- Required work
Output only the lines from the one holding "Some of the words" to the end of the data below, please, copied exactly.

Annotated photo localization data:
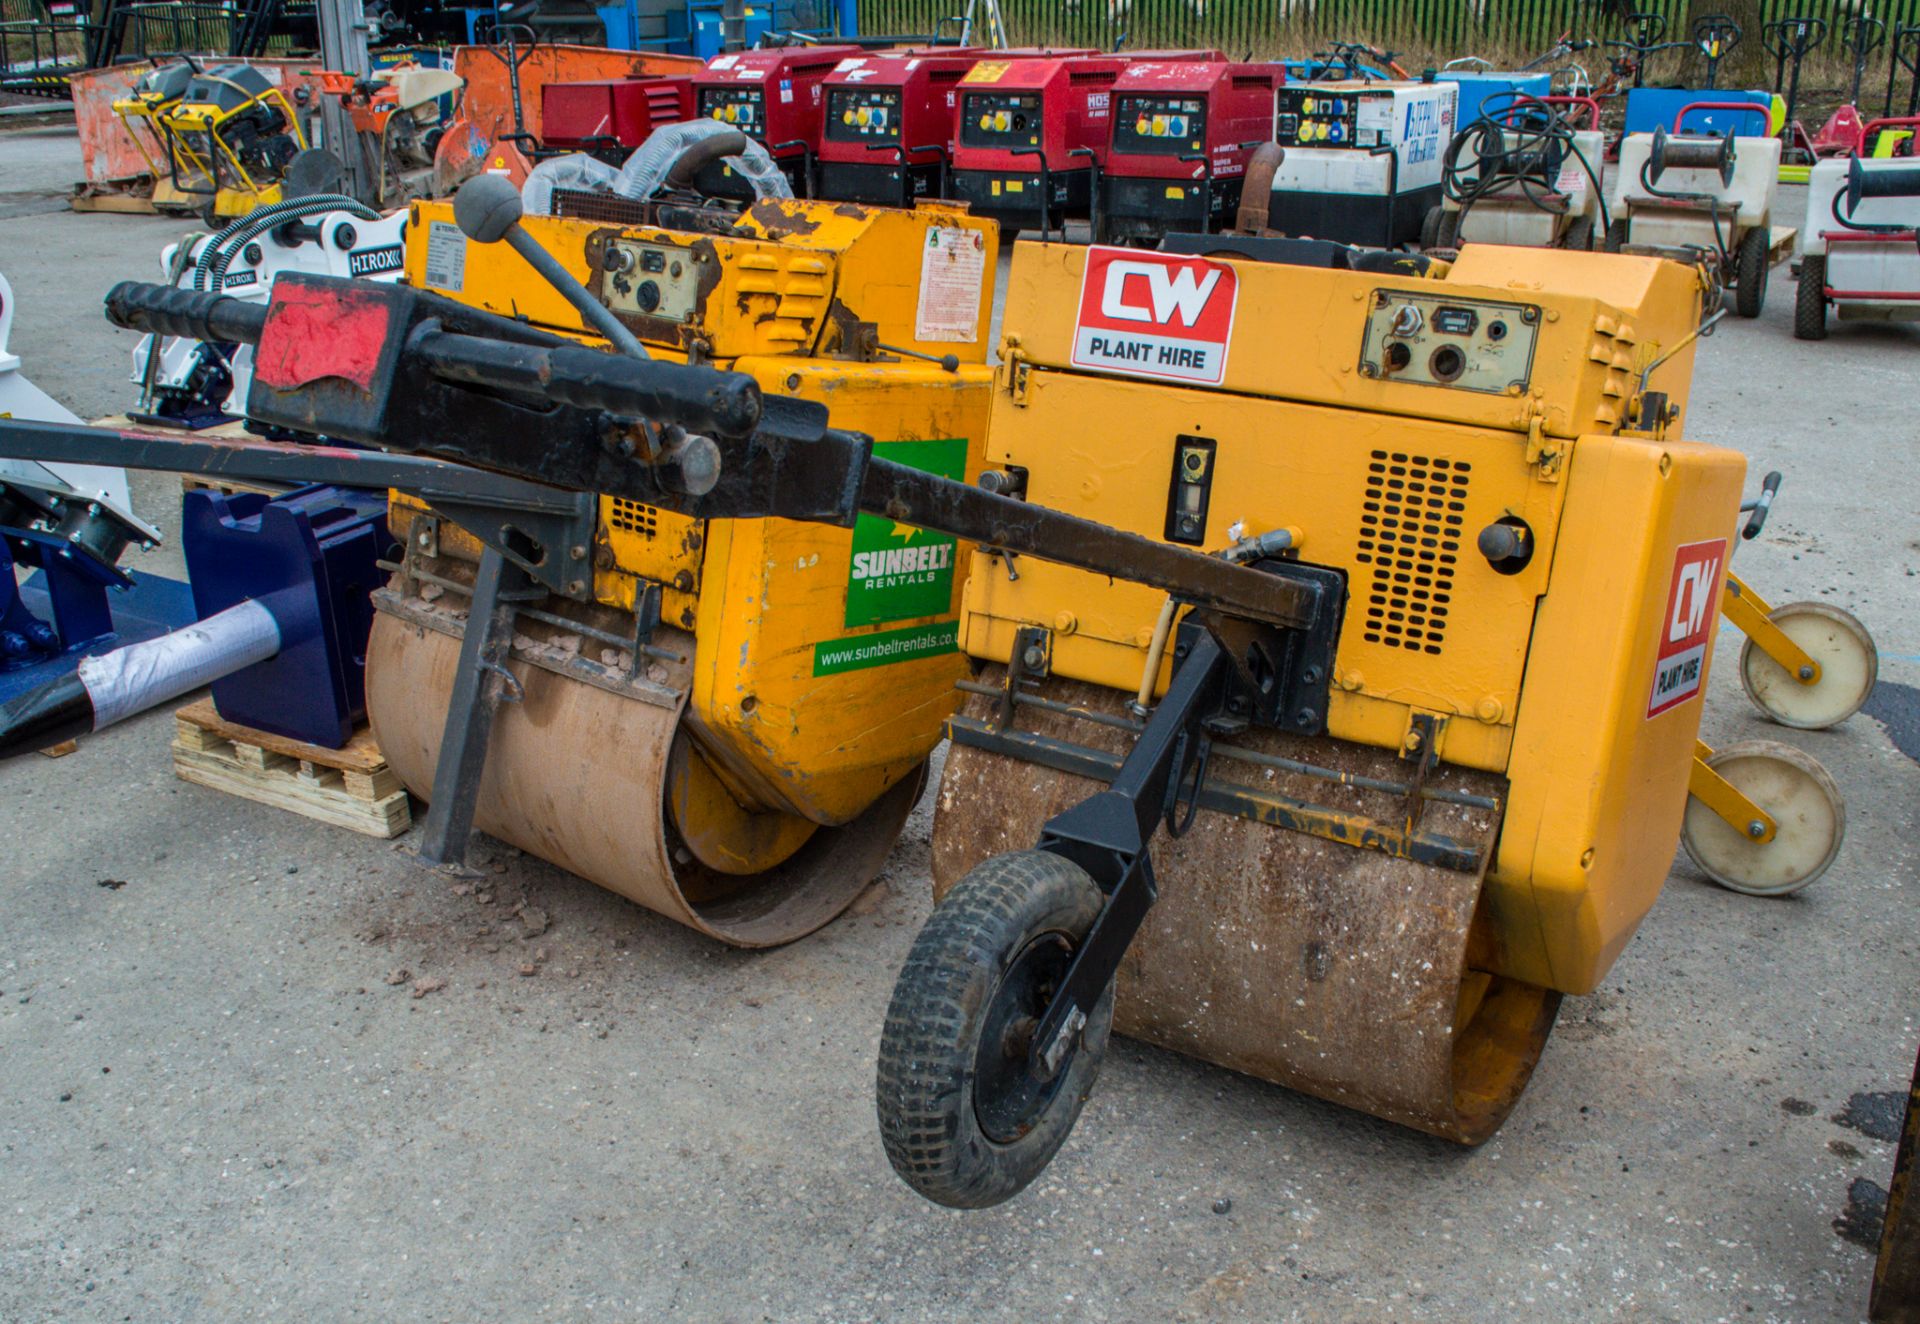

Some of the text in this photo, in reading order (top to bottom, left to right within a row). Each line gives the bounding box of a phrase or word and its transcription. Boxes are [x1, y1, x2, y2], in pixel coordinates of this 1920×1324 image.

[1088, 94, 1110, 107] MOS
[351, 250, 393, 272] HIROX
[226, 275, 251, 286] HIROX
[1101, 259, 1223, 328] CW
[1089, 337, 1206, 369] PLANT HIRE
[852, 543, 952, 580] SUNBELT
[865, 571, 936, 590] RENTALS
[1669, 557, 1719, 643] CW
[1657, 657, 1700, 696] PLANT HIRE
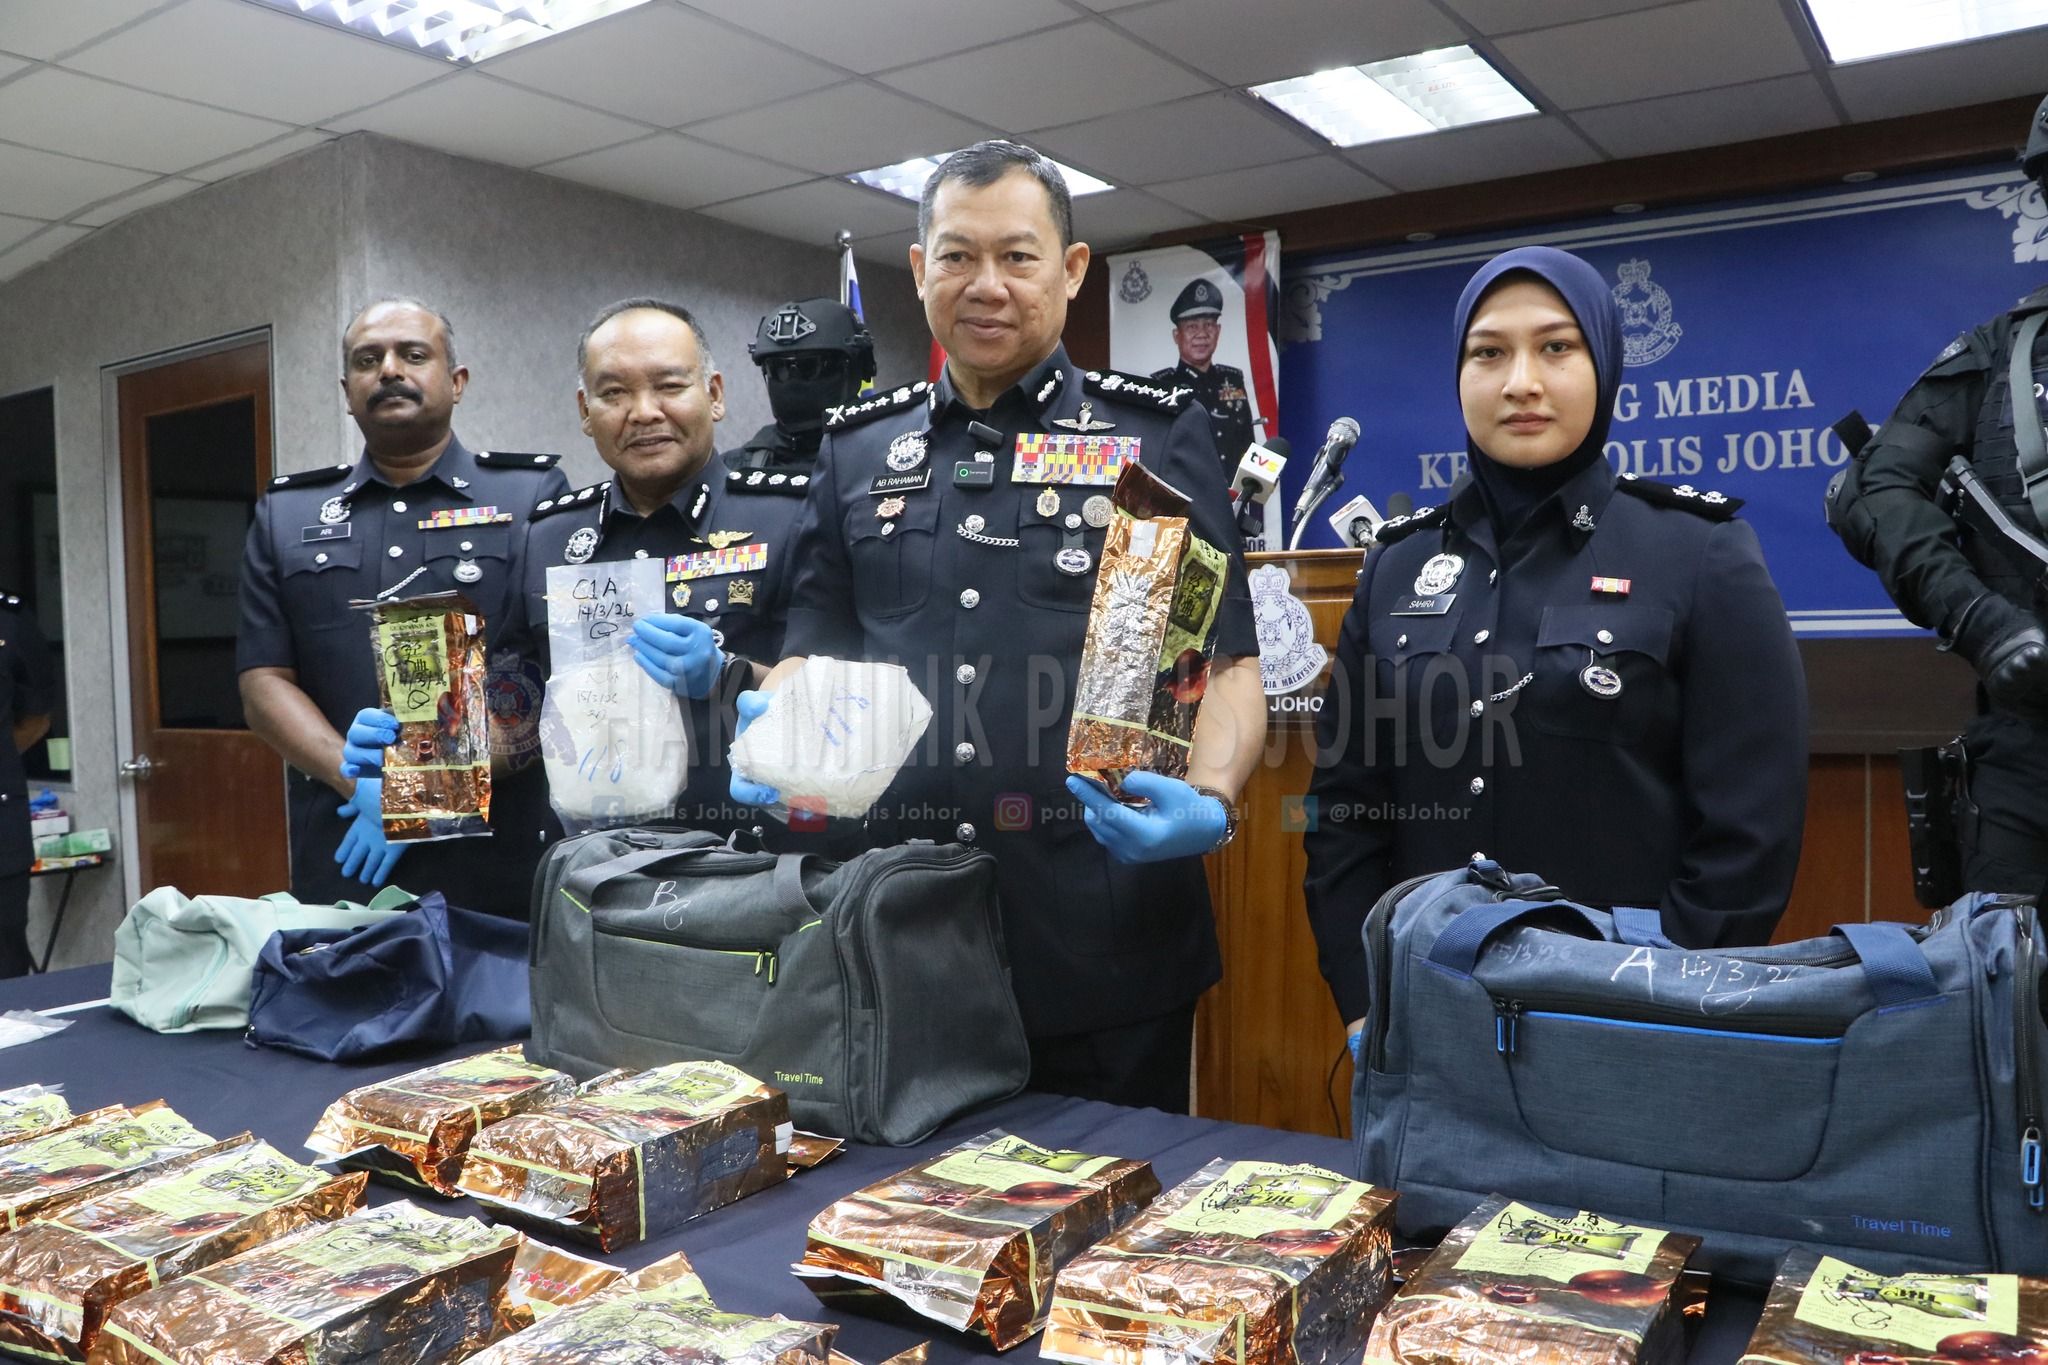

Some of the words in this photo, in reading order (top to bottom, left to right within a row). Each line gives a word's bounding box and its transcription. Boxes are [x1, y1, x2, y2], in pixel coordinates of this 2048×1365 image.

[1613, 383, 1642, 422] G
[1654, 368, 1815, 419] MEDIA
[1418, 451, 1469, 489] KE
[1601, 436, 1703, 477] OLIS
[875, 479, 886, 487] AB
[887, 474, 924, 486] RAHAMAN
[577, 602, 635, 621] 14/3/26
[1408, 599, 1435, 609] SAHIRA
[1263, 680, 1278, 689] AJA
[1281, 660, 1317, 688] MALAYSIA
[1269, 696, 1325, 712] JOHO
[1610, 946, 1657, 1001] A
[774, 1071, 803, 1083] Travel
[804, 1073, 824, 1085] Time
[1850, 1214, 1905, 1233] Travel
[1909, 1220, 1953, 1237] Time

- Completed task
Some of the words in this photo, in reading order (top to bottom, left to right within a row). Each line gives a word's bounding box and its transcription. Boxes are [x1, y1, x2, y2], in pixel coordinates of this 2048×1365 image.

[1613, 383, 1642, 422] G
[1654, 368, 1815, 419] MEDIA
[1418, 451, 1469, 489] KE
[1601, 436, 1703, 477] OLIS
[875, 479, 886, 487] AB
[887, 474, 924, 486] RAHAMAN
[577, 602, 635, 621] 14/3/26
[1408, 599, 1435, 609] SAHIRA
[1263, 680, 1278, 689] AJA
[1281, 660, 1317, 688] MALAYSIA
[1269, 696, 1325, 712] JOHO
[1610, 946, 1657, 1001] A
[774, 1071, 803, 1083] Travel
[804, 1073, 824, 1085] Time
[1850, 1214, 1905, 1233] Travel
[1909, 1220, 1953, 1237] Time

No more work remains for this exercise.